Testing principles¶

The test-design principles the taxonomy ties back to. Each entry is anchor-linkable so taxonomy files can cite it directly. External sources are footnoted so this document stands on its own.

Two kinds of principles appear here:

Properties of good tests — what a finished test should look like. Graded against an individual test on its own merits.
Principles of test-suite refactoring — what a disciplined refactor of an existing test suite may do. Graded against a proposed change, not against a test.

Properties of good tests¶

Farley's 8¶

Dave Farley's framing of what makes a test worth having.¹ Each property here is what a test should be; the taxonomy names the ways real tests fail to hit the mark.

Understandable¶

A reader new to the codebase should be able to tell what the test proves without opening five other files. The test name shouts what it tests; the body reads as arrange-act-assert; fixtures are named or summarized.

Maintainable¶

Changing the system under test in a behavior-preserving way should not break the test. Tests that pin incidental formatting, private-method shapes, or mock-call ordering fail this property.

Repeatable¶

The test produces the same answer every time, in any environment, on any day. Time, RNG, network, filesystem, and execution order are all controlled.

Atomic¶

The test stands alone. It does not depend on a prior test having run, a shared mutable fixture being in a particular state, or any other cross-test ordering.

Necessary¶

The test adds a perspective no other test already covers. Two tests that verify the same observable behavior by different routes fail this property; one of them is redundant.

Granular¶

The test verifies one outcome. When it fails, a reader knows exactly what broke. A test that asserts five unrelated properties fails this property.

Fast¶

The test runs quickly enough to be worth running after every small edit. "Fast" is tier-relative: unit tests run in single-digit milliseconds; integration tests can be seconds.

Simple¶

The test's own cyclomatic complexity is ~1. No if branches, no loops hiding assertions, no try/catch compensating for a weak oracle.

Greg Wright's additions¶

Greg Wright's Ten Properties of Good Unit Tests (first eight)² overlaps substantially with Farley's.

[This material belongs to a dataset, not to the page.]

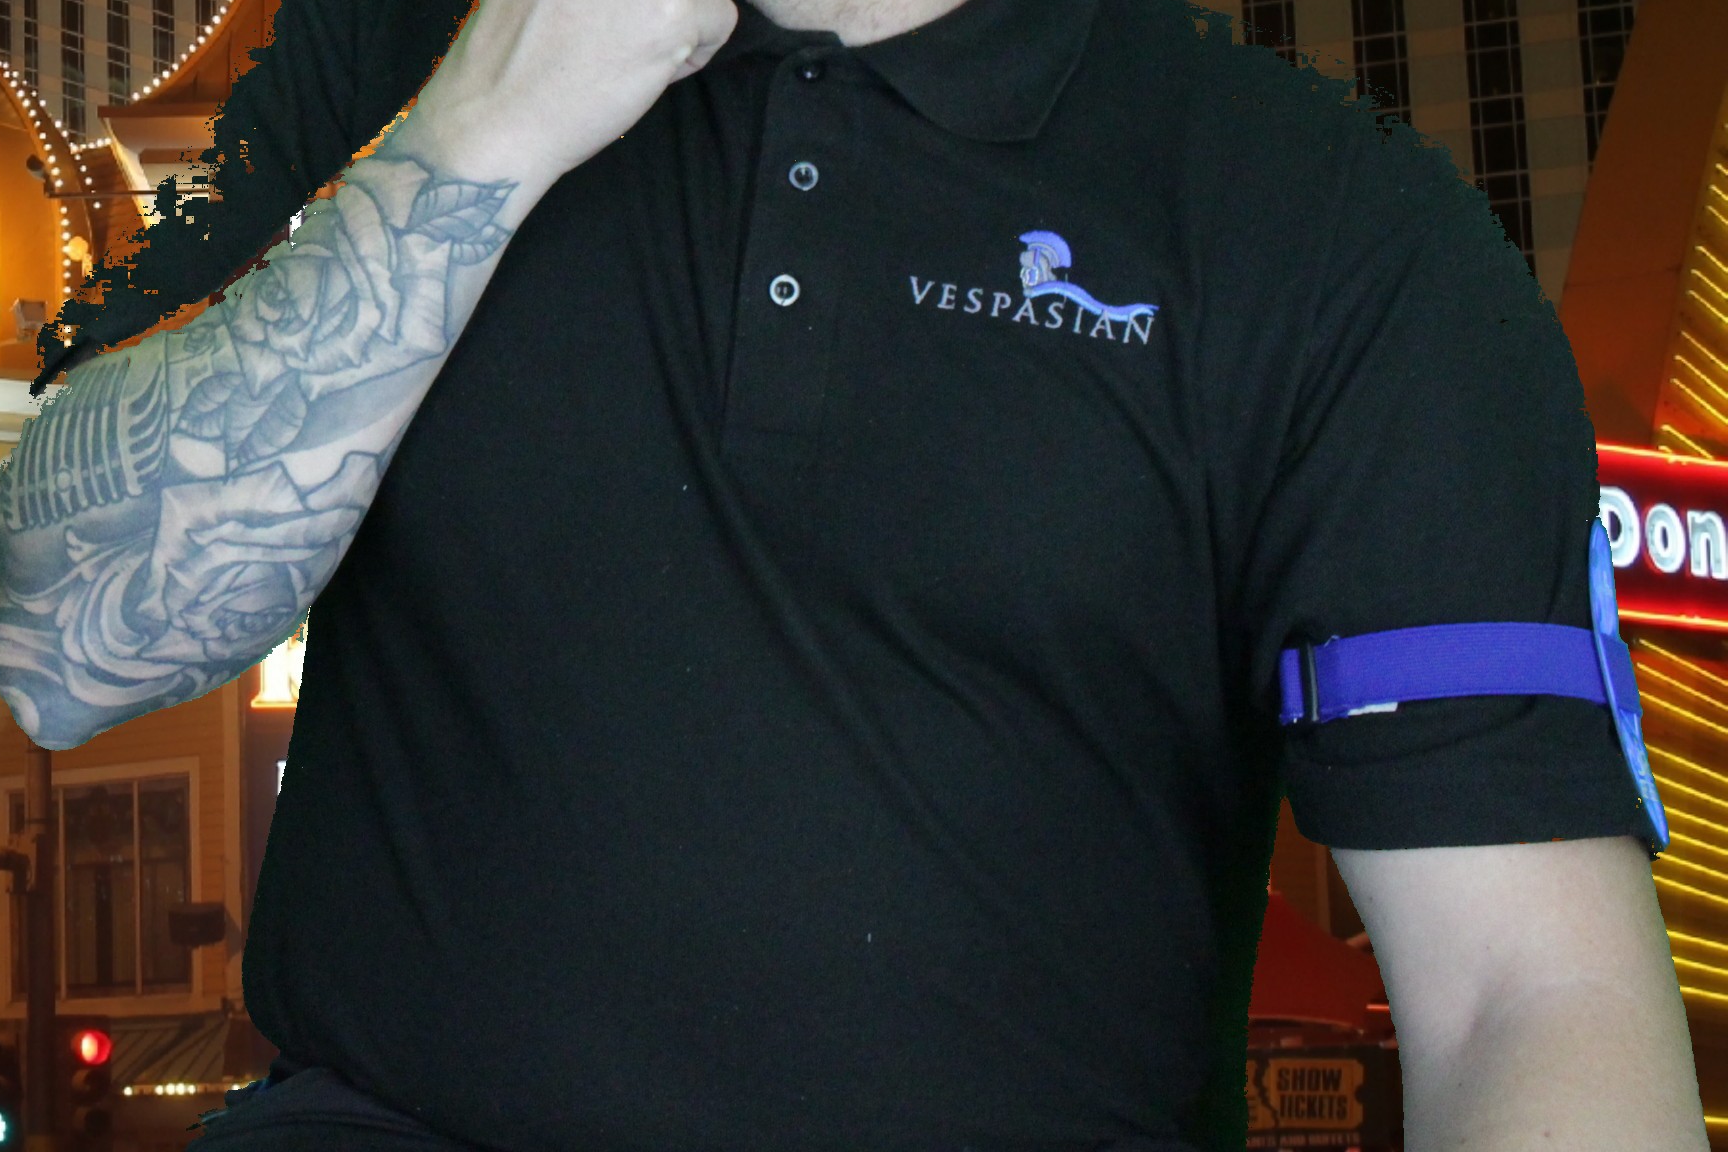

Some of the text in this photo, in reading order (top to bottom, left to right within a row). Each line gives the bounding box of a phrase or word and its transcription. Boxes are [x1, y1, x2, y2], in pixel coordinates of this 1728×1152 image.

[909, 275, 1155, 345] VESPASIAN
[1277, 1067, 1342, 1092] SHOW
[1279, 1094, 1347, 1120] TICKETS

Wright's Independent, At least one assertion, Consistent, and Fast are covered by Farley's Atomic / Repeatable / Granular / Fast. Three of Wright's axes name things Farley does not call out explicitly, and they earn their own entries here:

Well-named¶

The test's identifier encodes its claim. it('should work') and test_1 fail this property. Farley's Understandable is about the test body; this property is about the name on its own.

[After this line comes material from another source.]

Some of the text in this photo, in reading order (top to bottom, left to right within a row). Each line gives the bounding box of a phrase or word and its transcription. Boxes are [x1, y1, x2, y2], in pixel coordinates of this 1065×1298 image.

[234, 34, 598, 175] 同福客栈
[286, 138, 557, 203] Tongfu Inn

Independent of implementation¶

Tests verify what the code does, not how. Classically described as black-box vs white-box testing: a black-box test only knows the interface; a white-box test also knows the internal structure. Black-box is the default; white-box testing should be rare, intentional, and well-documented as to why it was necessary. Farley's Maintainable is close but sits one level higher.

Clear failure message¶

When the test fails, the message should point a reader toward the real cause. expected 6, got 5 is worse than expected 6 messages (3 user + 3 assistant), got 5.

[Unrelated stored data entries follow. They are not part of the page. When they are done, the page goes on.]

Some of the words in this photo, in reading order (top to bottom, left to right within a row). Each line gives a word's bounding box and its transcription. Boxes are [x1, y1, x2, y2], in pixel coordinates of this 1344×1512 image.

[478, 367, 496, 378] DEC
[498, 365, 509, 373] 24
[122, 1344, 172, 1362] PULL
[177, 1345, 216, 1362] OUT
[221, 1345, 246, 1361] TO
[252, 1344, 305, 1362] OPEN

Principles of test-suite refactoring¶

The properties above describe what a test should be. These principles constrain what a disciplined refactor of an existing test suite may do.

Behavior articulation before change¶

Before proposing any change to a test, the change-maker (human or agent) must first state, in one sentence, what the test is supposed to verify — as a claim about the product, not a claim about the code. The articulated behavior is the basis for every subsequent rename, consolidation, relocation, or deletion judgment; without it, changes drift toward shape-preserving rather than behavior-preserving moves.

The technique is borrowed from ChatTester,³ which showed that forcing an LLM to state intent before writing test code materially reduces vacuous assertions. The same discipline applies retroactively: state what a pre-existing test claims to protect before you touch it.

Preservation of regression-detection power¶

A refactor of the test suite must not reduce the suite's ability to detect regressions. This is stricter than "the tests still pass" — the tests that remain after the refactor must still catch the same real bugs the tests before the refactor would have caught.

In practice this is measured by some combination of:

line/branch coverage (necessary but insufficient),
mutation score (stronger — see mutation testing),
the specific set of mutants the suite kills (strongest).

A transform that shrinks any of these without a named absorber in the rationale is disallowed. The specific validator pipeline used to check this is an implementation choice; the principle is the constraint.

If a test is clearly identified as a regression test - especially if it has a reference to a ticket or ticketing system - the threshold for changing it at all is higher than a "normal" test. Someone very intentionally wanted this specific regression test, as a result of a specific incident!

Governor rules¶

Hard restrictions on what a disciplined test-suite refactor may do. Inspired by citypaul's refactoring skill⁴ and general practice. Violating any of them is an automatic veto.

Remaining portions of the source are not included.